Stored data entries
• • •
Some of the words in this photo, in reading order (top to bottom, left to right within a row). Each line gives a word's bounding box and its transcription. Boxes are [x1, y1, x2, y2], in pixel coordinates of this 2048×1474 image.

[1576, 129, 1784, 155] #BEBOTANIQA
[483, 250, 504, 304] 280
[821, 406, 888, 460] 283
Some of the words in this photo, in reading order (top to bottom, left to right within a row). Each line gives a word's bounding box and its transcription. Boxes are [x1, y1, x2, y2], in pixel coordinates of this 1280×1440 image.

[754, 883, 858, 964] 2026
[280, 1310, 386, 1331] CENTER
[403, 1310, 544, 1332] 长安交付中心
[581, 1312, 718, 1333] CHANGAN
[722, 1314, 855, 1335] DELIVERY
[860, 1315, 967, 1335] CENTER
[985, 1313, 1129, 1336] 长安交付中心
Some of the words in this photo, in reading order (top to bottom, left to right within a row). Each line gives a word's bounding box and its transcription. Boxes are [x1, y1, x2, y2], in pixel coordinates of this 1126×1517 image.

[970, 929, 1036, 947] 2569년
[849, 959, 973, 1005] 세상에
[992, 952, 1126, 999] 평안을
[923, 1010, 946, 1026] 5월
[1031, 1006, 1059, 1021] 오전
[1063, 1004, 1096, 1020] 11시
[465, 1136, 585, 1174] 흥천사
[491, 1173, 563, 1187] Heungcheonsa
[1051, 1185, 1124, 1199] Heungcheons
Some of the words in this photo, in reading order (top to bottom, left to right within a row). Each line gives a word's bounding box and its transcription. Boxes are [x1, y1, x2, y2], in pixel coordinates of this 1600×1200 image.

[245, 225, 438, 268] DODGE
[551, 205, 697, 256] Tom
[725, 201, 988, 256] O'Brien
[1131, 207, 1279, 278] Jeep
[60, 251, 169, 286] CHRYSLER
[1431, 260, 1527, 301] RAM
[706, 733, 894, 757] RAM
• • •
→ **Work request**
So that no detail is lost, give every line of the data again exactly.

→ **Exercise result**
Some of the words in this photo, in reading order (top to bottom, left to right within a row). Each line gives a word's bounding box and its transcription. Boxes are [x1, y1, x2, y2], in pixel coordinates of this 2048×1474 image.

[1576, 129, 1784, 155] #BEBOTANIQA
[483, 250, 504, 304] 280
[821, 406, 888, 460] 283
Some of the words in this photo, in reading order (top to bottom, left to right within a row). Each line gives a word's bounding box and its transcription. Boxes are [x1, y1, x2, y2], in pixel coordinates of this 1280×1440 image.

[754, 883, 858, 964] 2026
[280, 1310, 386, 1331] CENTER
[403, 1310, 544, 1332] 长安交付中心
[581, 1312, 718, 1333] CHANGAN
[722, 1314, 855, 1335] DELIVERY
[860, 1315, 967, 1335] CENTER
[985, 1313, 1129, 1336] 长安交付中心
Some of the words in this photo, in reading order (top to bottom, left to right within a row). Each line gives a word's bounding box and its transcription. Boxes are [x1, y1, x2, y2], in pixel coordinates of this 1126×1517 image.

[970, 929, 1036, 947] 2569년
[849, 959, 973, 1005] 세상에
[992, 952, 1126, 999] 평안을
[923, 1010, 946, 1026] 5월
[1031, 1006, 1059, 1021] 오전
[1063, 1004, 1096, 1020] 11시
[465, 1136, 585, 1174] 흥천사
[491, 1173, 563, 1187] Heungcheonsa
[1051, 1185, 1124, 1199] Heungcheons
Some of the words in this photo, in reading order (top to bottom, left to right within a row). Each line gives a word's bounding box and its transcription. Boxes are [x1, y1, x2, y2], in pixel coordinates of this 1600×1200 image.

[245, 225, 438, 268] DODGE
[551, 205, 697, 256] Tom
[725, 201, 988, 256] O'Brien
[1131, 207, 1279, 278] Jeep
[60, 251, 169, 286] CHRYSLER
[1431, 260, 1527, 301] RAM
[706, 733, 894, 757] RAM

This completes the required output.